Ainsi (re)lire Victor Hugo – comme Émile Zola – offrira une saine remise en perspective et dessillera les yeux des plus jeunes qui croient encore que Le Monde ou BFM possèdent la vérité universelle.

Voici donc de quoi offrir aux lecteurs assidus et amoureux de la littérature une langue merveilleusement riche et une histoire sociale et ontologique sur le devenir de l’Homme. Une nouvelle édition qui succède à celle parue en 1951 dans la Pléiade, sous la direction de Maurice Allem.
Retour aux origines du texte : cette publication se fonde sur l’édition originale publiée à Bruxelles, de mars à juin 1862, par Lacroix, Verboeckhoven et Cie, en pas moins de dix volumes in-8 ; édition qui "doit être et reste une édition princeps", comme le déclara Hugo à Lacroix le 19 mars de cette année-là…  ce qu’il confirma en 1866, en notant dans son exemplaire des Travailleurs de la mer : "Depuis que j’ai MM. Lacroix, Verboeckhoven et Cie pour éditeurs, c’est toujours l’édition belge princeps qui doit servir de type aux éditions futures".

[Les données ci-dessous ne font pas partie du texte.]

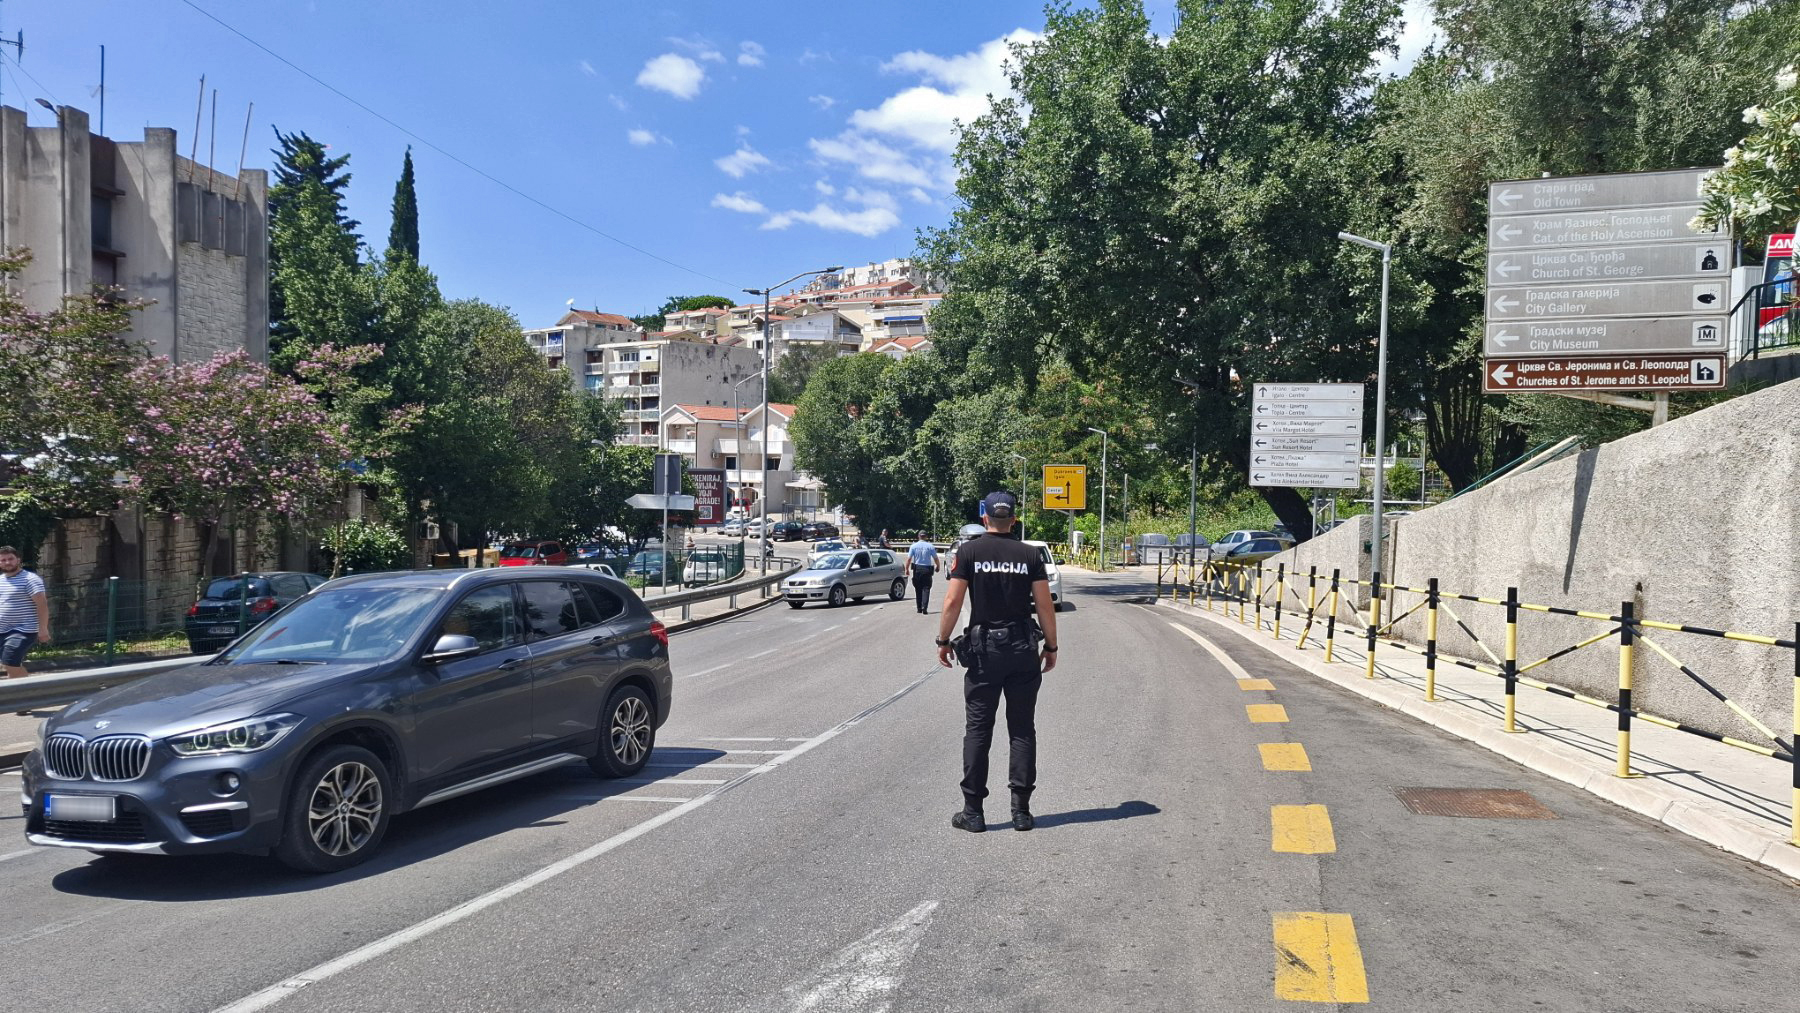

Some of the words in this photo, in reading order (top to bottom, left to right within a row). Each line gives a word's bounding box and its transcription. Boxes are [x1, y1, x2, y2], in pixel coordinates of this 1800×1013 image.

Livre-somme, livre-monument, panthéon de la littérature à lui tout seul, cent fois chamboulé, adapté, malmené par les nervis du divertissement, ce roman est l’un des miroirs les plus exacts de nos turpitudes libérales, de nos desseins cupides, de nos peurs viles et grotesques. Cette œuvre est bien de notre temps aussi par le simple fait technique que Hugo y a placé une histoire – notre histoire, cet Homme hanté par les profondeurs du temps et de la conscience – dont il nous a désignés légataires : cette histoire pensée et rêvée pour un avenir meilleur, ce présent qui se déchire sous les coups de la machine à profit au péril de l’humain, notre présent qui n’annonce aucun avenir paisible si rien ne change…

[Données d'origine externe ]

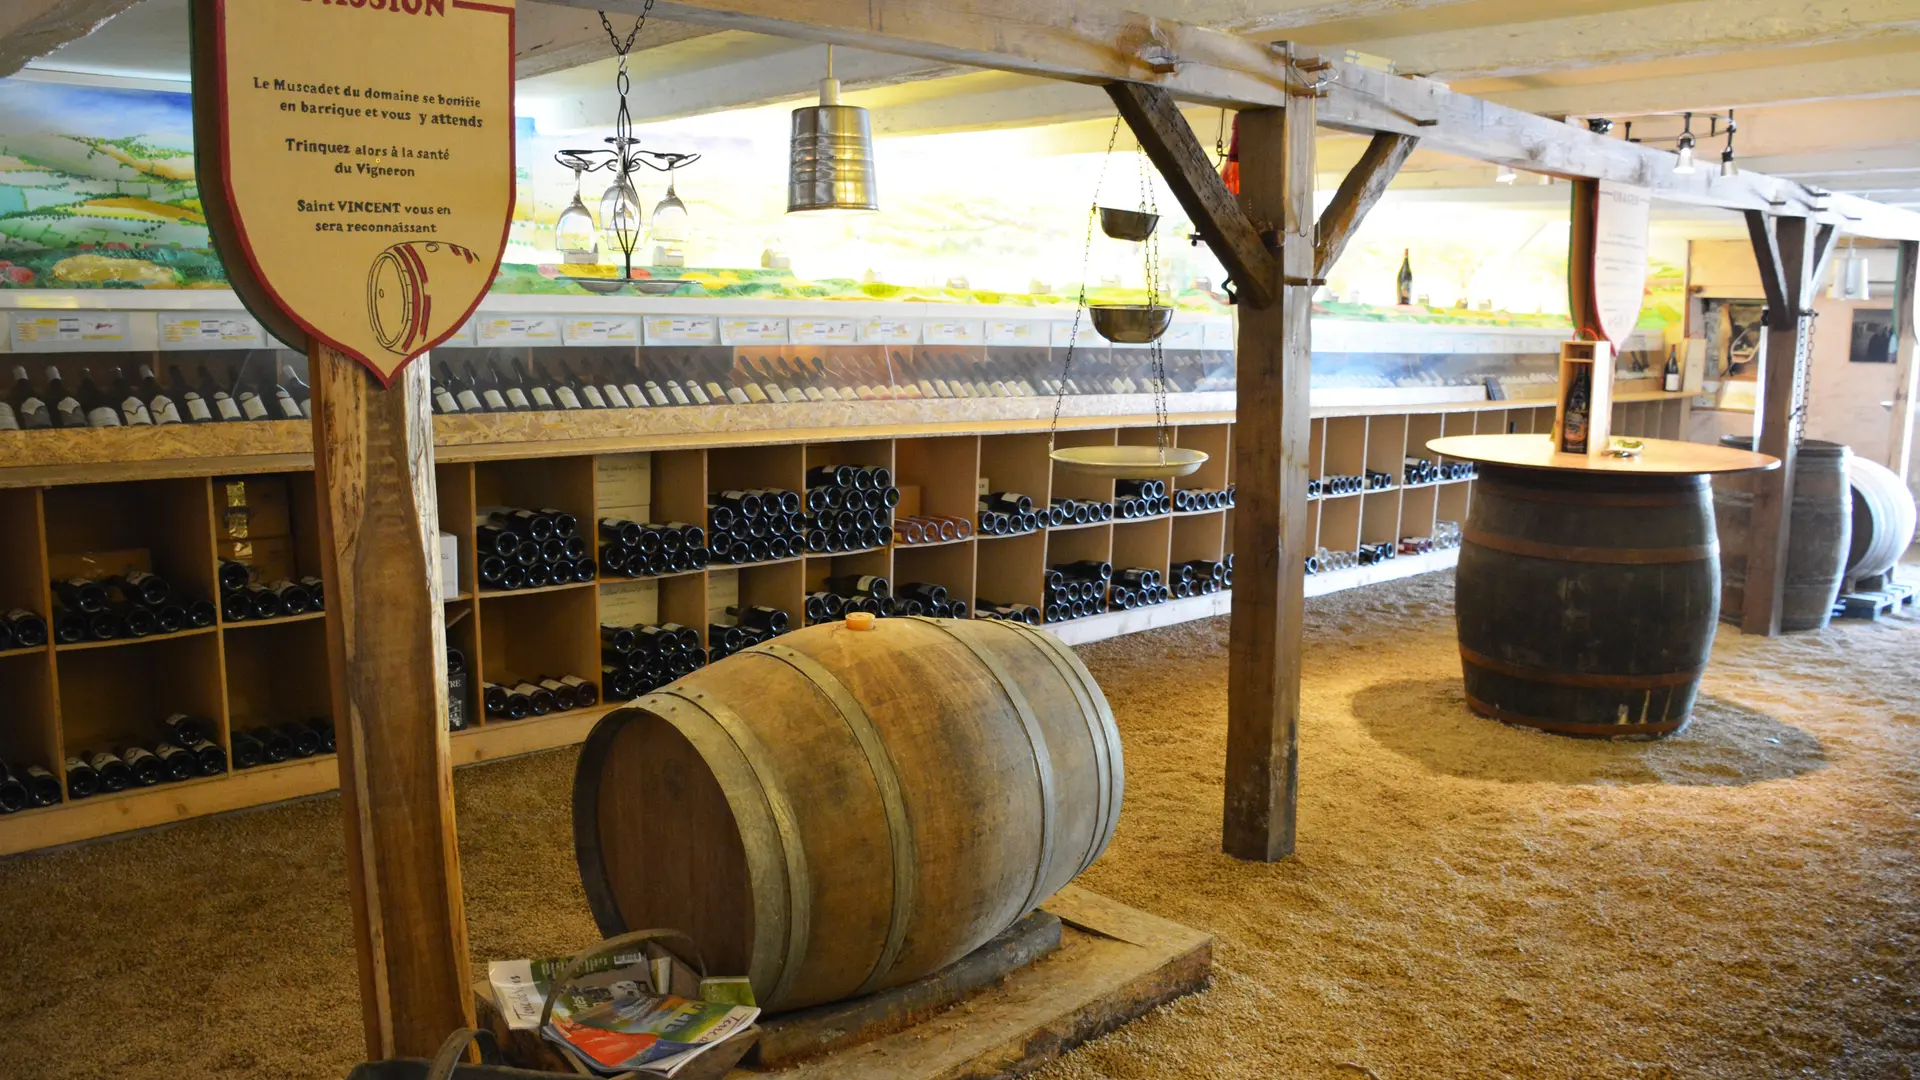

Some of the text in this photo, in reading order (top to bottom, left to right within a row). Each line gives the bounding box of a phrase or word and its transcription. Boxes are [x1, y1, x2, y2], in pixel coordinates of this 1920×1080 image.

[254, 77, 480, 107] Le Muscadet du domaine se bonifie
[280, 101, 483, 127] en barrique et vous y attends
[285, 138, 449, 160] Trinquez alors à la santé
[335, 162, 414, 178] du Vigneron
[297, 199, 335, 212] Saint
[338, 201, 401, 213] VINCENT
[405, 206, 433, 214] vous
[316, 222, 437, 233] sera reconnaissant

"Ce livre bouleverse les normes et les usages de l’appréciation critique ; il installe une nouvelle perspective – une manière inédite de percevoir le fait littéraire et ses effets – qui réclame le bénéfice de la longue durée. Il nous réapprend à lire, à sentir, à comprendre", souligne Henri Scepi dans l’ouverture de sa préface.
Victor Hugo s’en remettait au jugement de la postérité plus encore que celui du public, sachant que ce livre c’est le siècle, et plus encore, le temporel devenant universel : cet humain, acteur émancipé incarnant une réalité sans cesse recomposée par son propre devenir. 1862, 2018, même combat : ce roman, affranchi du cercle restreint de la circonstance, participe activement, dans sa traversée du temps et de l’histoire sociale, à l’accroissement du possible humain.

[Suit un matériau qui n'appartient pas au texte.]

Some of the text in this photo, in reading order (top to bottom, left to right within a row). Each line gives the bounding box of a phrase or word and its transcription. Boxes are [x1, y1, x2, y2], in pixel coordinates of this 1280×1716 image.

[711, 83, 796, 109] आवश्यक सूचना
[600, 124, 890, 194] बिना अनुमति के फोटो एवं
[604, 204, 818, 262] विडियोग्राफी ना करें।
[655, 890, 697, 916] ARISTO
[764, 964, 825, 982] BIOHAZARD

Dans la genèse du roman filtrent les prémisses de l’idée nodale, on ne peut s’empêcher d’y voir le reflet d’une réflexion en conséquence de deux faits notables survenus dans la vie de Victor Hugo. Deux accidents qui vont lui insuffler cet élan de sublimation, cette quête spirituelle qui élève l’homme au rang de la divinité et lui fait toucher du doigt le voile sacré du mystère : l’inspiration. Cette compagne qui viendra en ces années 1840 chambouler le désert hugolien en bouleversant les hiérarchies des certitudes établies au détriment de l’essentiel, et cautériser deux plaies purulentes qui n’auront de cesse de le culpabiliser. Le 4 septembre 1843 – la mort de Léopoldine – puis la révélation publique de sa liaison avec la jeune Léonie d’Aunet, le 5 juillet 1845, l’obligeant à quitter Paris tandis que sa maîtresse est emprisonnée puis placée au couvent des Augustines…
Un vulgaire délit d’adultère et voilà que l’ogre se réveille, Hugo se métamorphose et les carnets se remplissent à vive allure, poésie et prose romanesque naissent de la main de celui qui, désormais, vit reclus. Avec l’histoire d’un forçat promis au rachat, Hugo fera de 1845 le départ de son ascèse personnelle : une fiction qui l’autorise à rêver par-delà les frontières…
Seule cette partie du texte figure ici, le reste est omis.